After casting envious glances over at YouTube when everyone one and their dads seemed to be playing the closed beta of Rainbow Six Siege, I finally had the chance to spend six hour with the open beta over the weekend. It looked like it ticked all the boxes: tight action, a fantastic squad system that depended on teamwork and hanging upside down from a rappel, something that makes every Ross Kemp enthusiast a bit soft in the belly.
When it came to actually playing the game, though, I was left a little disappointed. And not because the servers were about as efficient as a goldfish copywriter.
Before I launch into things, it might be seen as a bit of a folly to criticise a product that’s not fully finished. However, if there’s anything I have learned during two years of gaming coverage for Cultured Vultures, it’s that a beta in the AAA world is often nothing more than a marketing exercise to have consumers interested in a game with the foolproof backup of “oh, it’s just a beta” to excuse any bugs in the meantime. Considering how the full game is going to be released literally tomorrow, it’s highly doubtful that any issues that cropped up in Rainbow Six Siege’s beta will be addressed.
As a franchise, Rainbow Six has been all about tactics since the original game came out in 1998 and that ethos still remains with Siege.
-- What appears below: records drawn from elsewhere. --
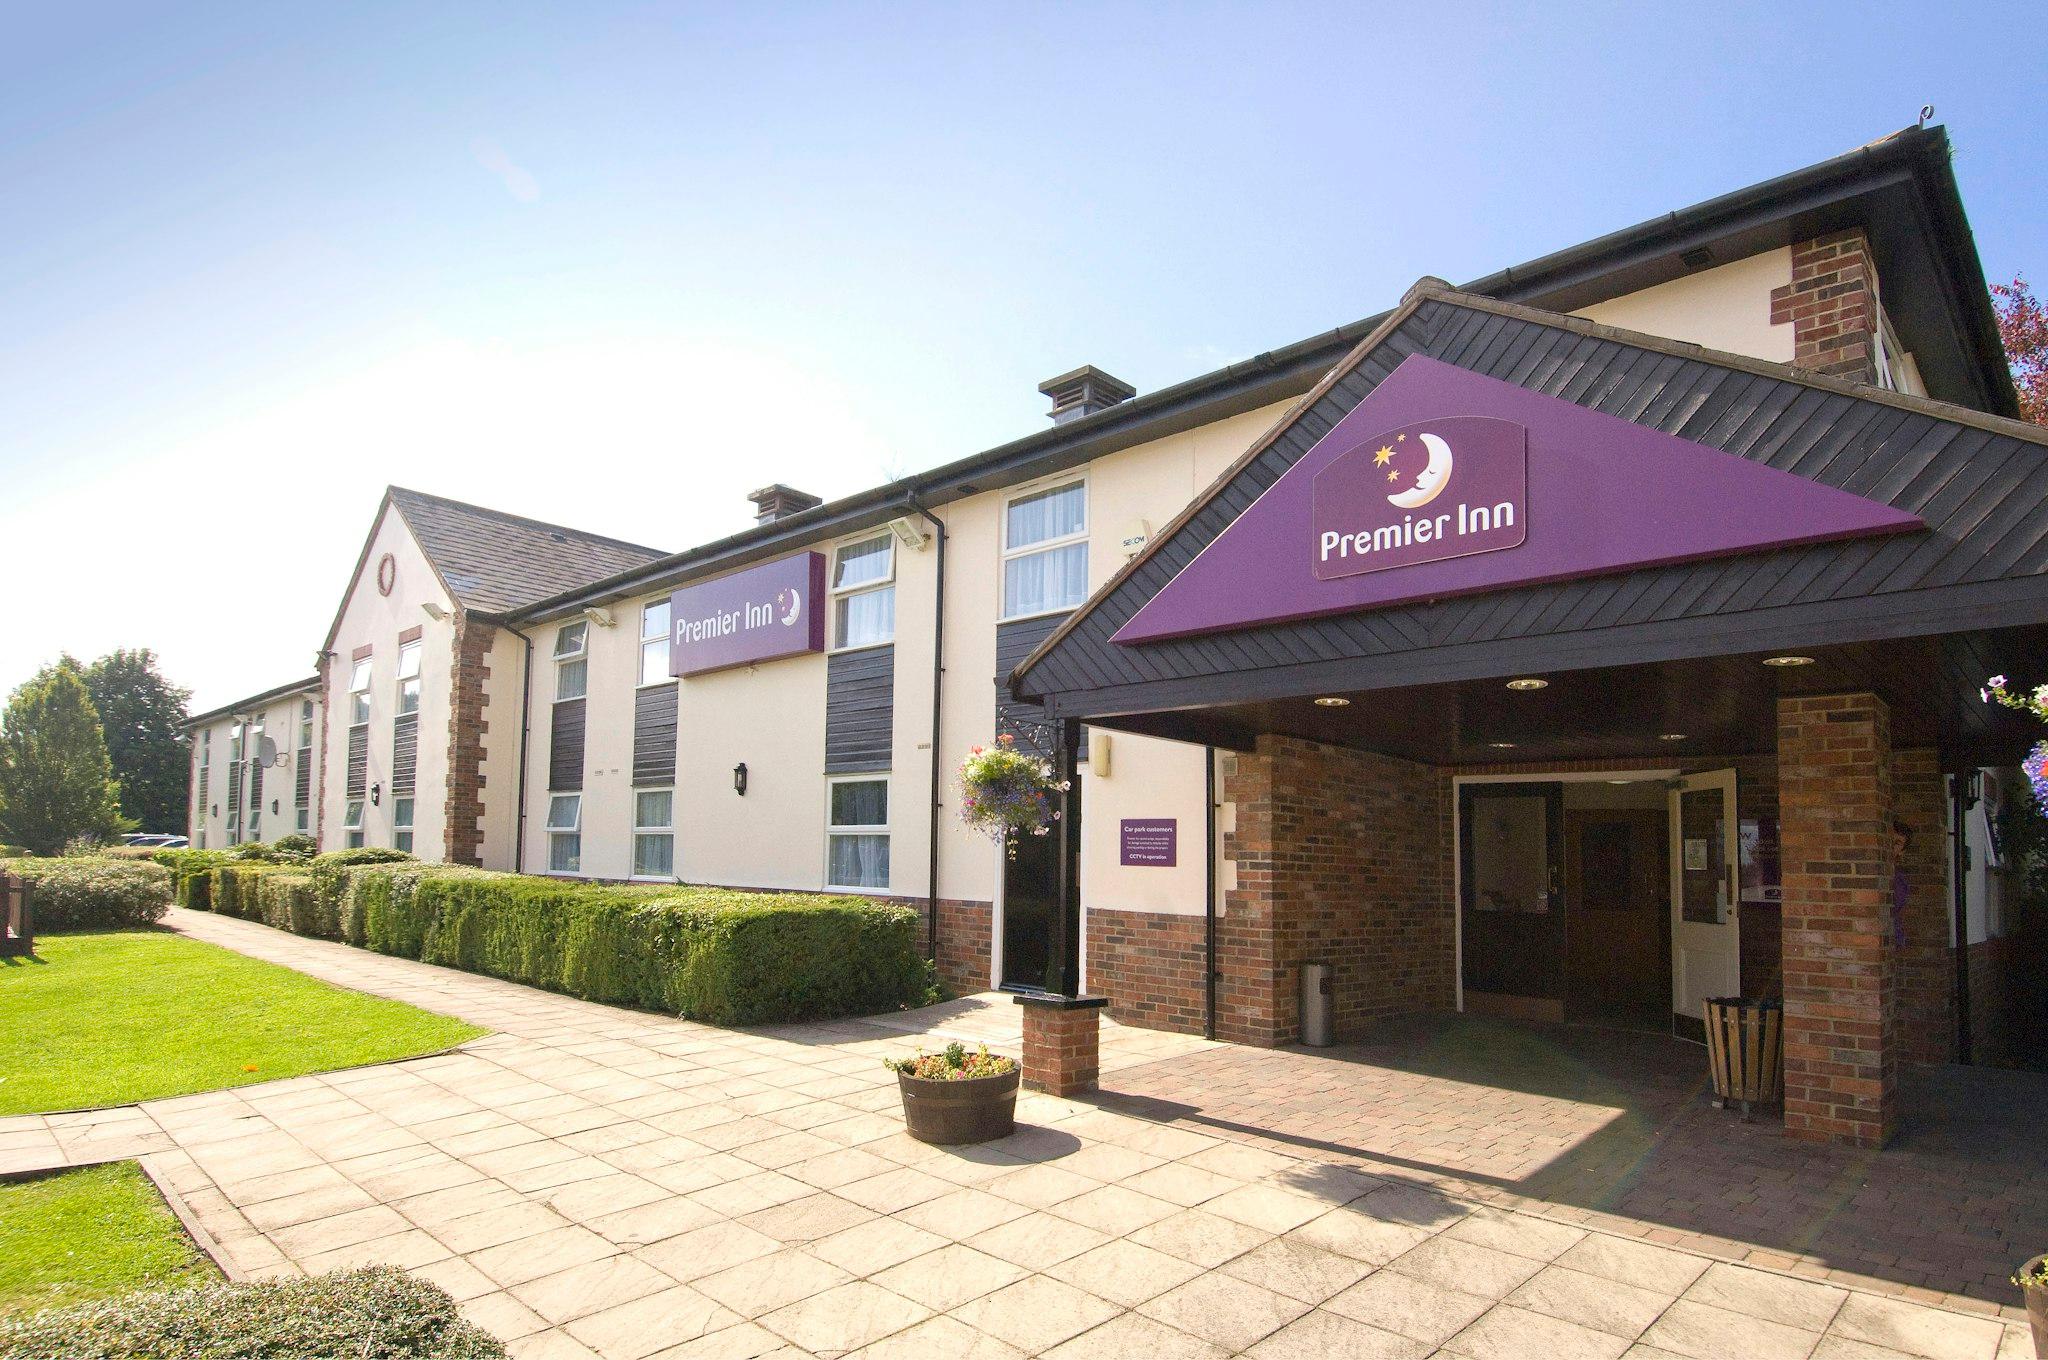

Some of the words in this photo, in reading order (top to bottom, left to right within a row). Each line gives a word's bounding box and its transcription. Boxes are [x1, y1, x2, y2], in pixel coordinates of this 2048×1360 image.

[1123, 536, 1145, 546] SECOM
[1321, 514, 1451, 561] Premier
[1458, 501, 1514, 535] Inn
[676, 610, 740, 645] Premier
[745, 602, 773, 630] Inn
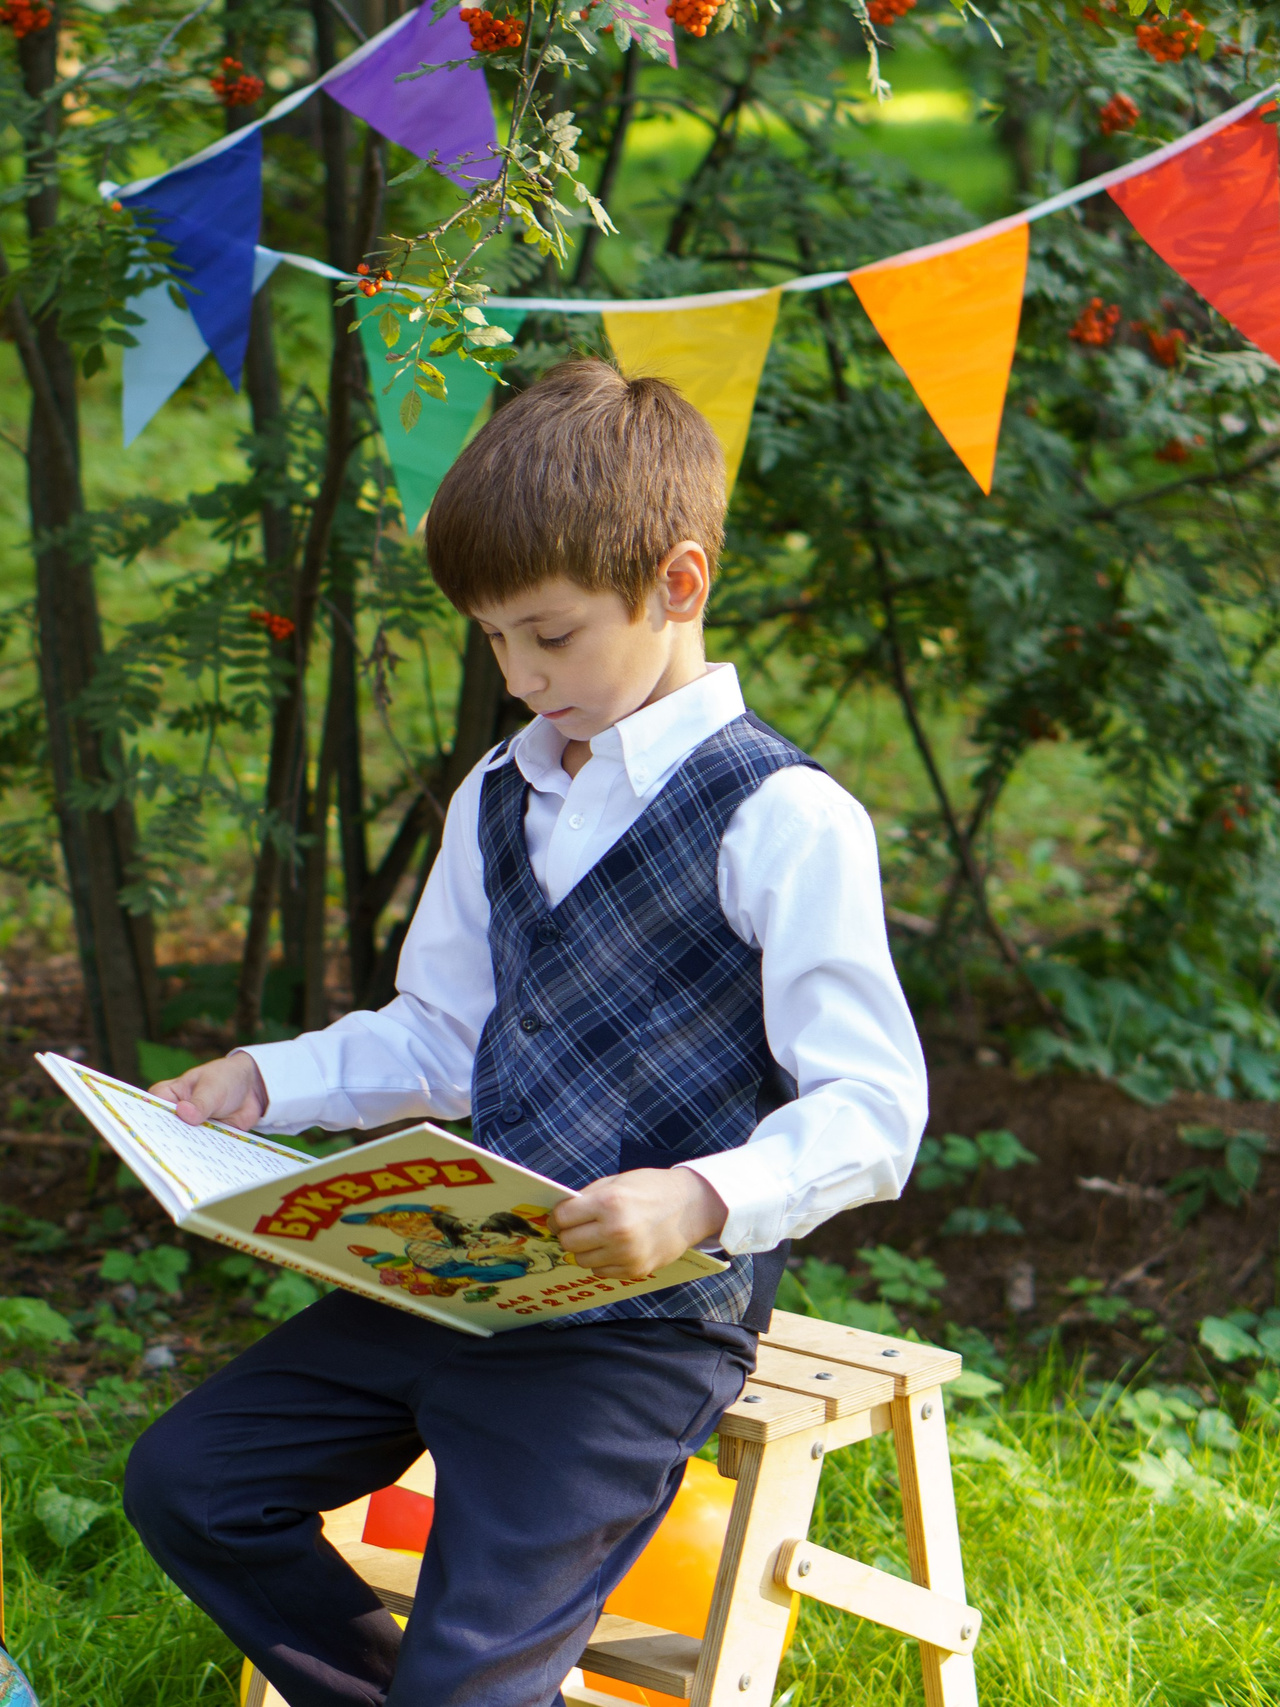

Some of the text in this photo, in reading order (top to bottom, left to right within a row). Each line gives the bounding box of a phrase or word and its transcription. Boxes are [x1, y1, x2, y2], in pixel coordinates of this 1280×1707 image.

Playing either as attackers or defenders, you must team up with other players in claustrophobic environments to fight to the last man or until an objective is met. Think less Call of Duty, more an arena shooter with bells and whistles that go boom.
The bells and whistles in Siege are initially impressive, doing well to cover some of the failings in the core mechanics. It reminded me a lot of Evolve, a similar arena shooter with an interesting gimmick that quickly faded from memory once the sheen had worn off. Rappelling up buildings before breaching through windows, putting up cover to shield yourself from enemy fire and using RC cars to find enemies and objectives are just a few of the little touches that make Siege seem decent to begin with. However, just like watching your monster doing An American Werewolf in London during a round of Evolve for the umpteenth time becomes tiresome, so too does it become tiresome in Siege to start each round with a Micro Machines minigame. There just isn’t a great deal of variety; a blow for a game that doesn’t come with any kind of single player experience that’s worth getting excited about.
The core mechanics in Siege are decent, but nothing spectacular. It has all the trappings of a modern FPS in that you can choose your loadouts before the game and unlock more as you progress (read: kill the things). A lot of extra content seems to be gated off, making me worried that Ubisoft have followed 2K’s lead again by focusing heavily on DLC. Honestly though, I don’t think Siege offers enough to warrant a purchase at full price, let alone extra money to unlock different shades of brown for your helmet.
In Siege‘s defense, the main meat of what it does, it does well. Matches are tense, frantic and full of close calls, leading to one or two swearing sessions with teammates. Siege does a fantastic job of making you panic – watching your team fall around you before leaving you as the sole survivor is as adrenaline-pumping an experience I have had with a game in 2015. It’s just a shame that truly competitive matches are few and far between; your squad members have a happy habit of running off on their own like Rambo and John McClane on speed, leaving you handicapped and one shooter short when they inevitably get themselves killed.
Presentation is what every AAA developer seems obsessed with in this age of gaming, so it was quite surprising that Siege is just so…bland. It looks like it would run fairly smoothly on a PlayStation 3 or Xbox 360; there’s a certain vanilla quality to all the textures and stages, which could be forgiven if it had the killer gameplay to match. The less I mention the way you seem to run as if you’re wading through the bins of a Wetherspoon’s after a Friday night, the better.
Whether extra polish is added to Siege before the 1st of December remains to be seen, but based on what I have seen so far, it might just be best to watch out for it on eBay in a couple of months time.